Arkansas Ag Secretary, Israeli Ag Minister Speak At Arkansas Soil & Water Conference

Jan 27, 2016

A group of several hundred people spent Wednesday learning how soil and water can play a key role in the growth of crops as well as helping the bottom line of farmers. They even learned how other countries are using technology to conserve water and energy.

Arkansas Secretary of Agriculture Wes Ward gave the keynote speech at the Arkansas Soil and Water Conference in front of 250 people at the Arkansas State University Convocation Center. Those who attended the conference learned about everything from cover crops and no-till farming to poly-pipe and rice irrigation.

Ward, who grew up in Lake City, told the group that soil and water are a key part of agriculture and the state’s economy. Arkansas has 33 million acres of land, with a large portion set aside for farming. However, the state has been able to do a lot with what the land provides, Ward said.

The industry provides one out of six jobs in the state, Ward told the group. As for regulations, Ward said he believes that while some have good intentions, many can create problems at the ground or local level. One such regulation is the Waters of the United States, working its way through federal court, Ward said.

Supporters have said the regulation, which have been discussed in Congress and the 6th Circuit Court of Appeals, would protect the environment while opponents have said the regulation is an affront to private property rights. Ward said farmers believe in protecting the environment, but “don’t want to face burdensome regulations either.”

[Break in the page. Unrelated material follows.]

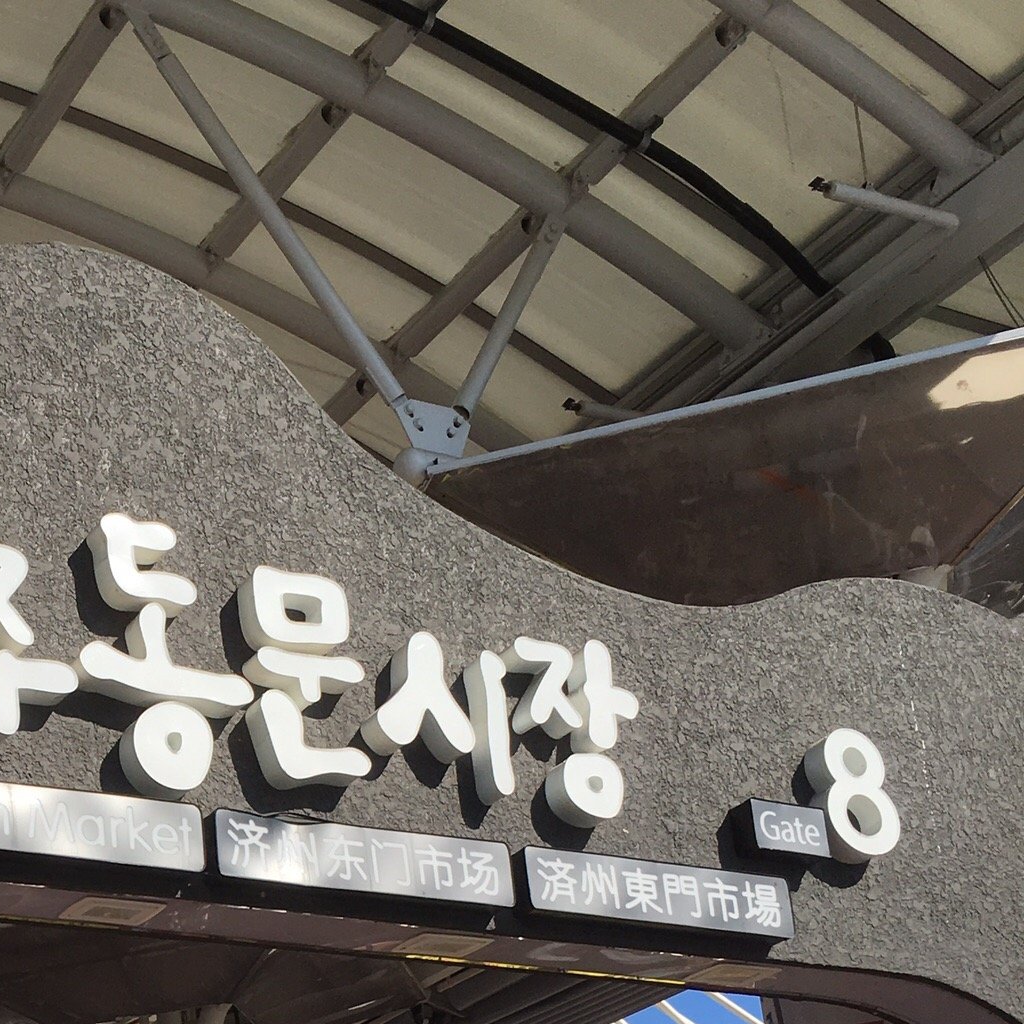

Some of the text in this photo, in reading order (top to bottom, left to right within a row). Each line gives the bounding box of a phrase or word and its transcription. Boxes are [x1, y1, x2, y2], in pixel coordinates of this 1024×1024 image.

Arkansas has received funding for conservation programs in recent years because of the state’s ability to work together on projects. Ward said the world has seen population increases but continues to look for ways to develop food.

“Northeast Arkansas is at the forefront of this work,” Ward said of the area’s row crop tradition.

Ward said groups have looked around the world for places to develop food but have increasingly looked at Arkansas as a mentor.

EXAMPLES FROM ISRAEL
Conference speaker Menechem Hesse, Israeli Minister for Agriculture and Science Affairs for the United States, Canada and Mexico, said Israel was facing a “water crisis” a few years ago and began working on a series of proposals to improve the issue. The country built its first water delineation program as a result.

“Now, we have too much water,” Hesse said.

Hesse, who is based in Washington D.C., said the country’s leaders found that purifying the water at 200% was expensive, but purifying it at a 70% to 80% level would help preserve the nutrients in the ground. Another part of the program is monitoring everything from dairy, trees and food for water content, Hesse said.

The country’s farmers also used to cover their crops for the sunlight. Now, they cover the crops for strength, Hesse said.

“It helps with growth,” Hesse said, noting the work can help accelerate growth.

Farmers in Israel also grow corn, grapes, citrus and watermelon, Hesse said. At least a quarter of its trade is imported from the United States while only about 6% of Israeli goods are exported to the United States, Hesse said.

TECHNOLOGY
The conference also brought several vendors to Jonesboro. Wayne Smalley with South Carolina-based Rivers Associates, said technology has changed agriculture.

One of the products on display, the McCrometer flow valve, measures the amount the water that go through a pipe before heading to the field. Smalley said farmers use flow meters and soil sensors to make sure water gets to the field in an efficient manner. Another key aspect of the issue is diesel and electricity, which can run the pumps.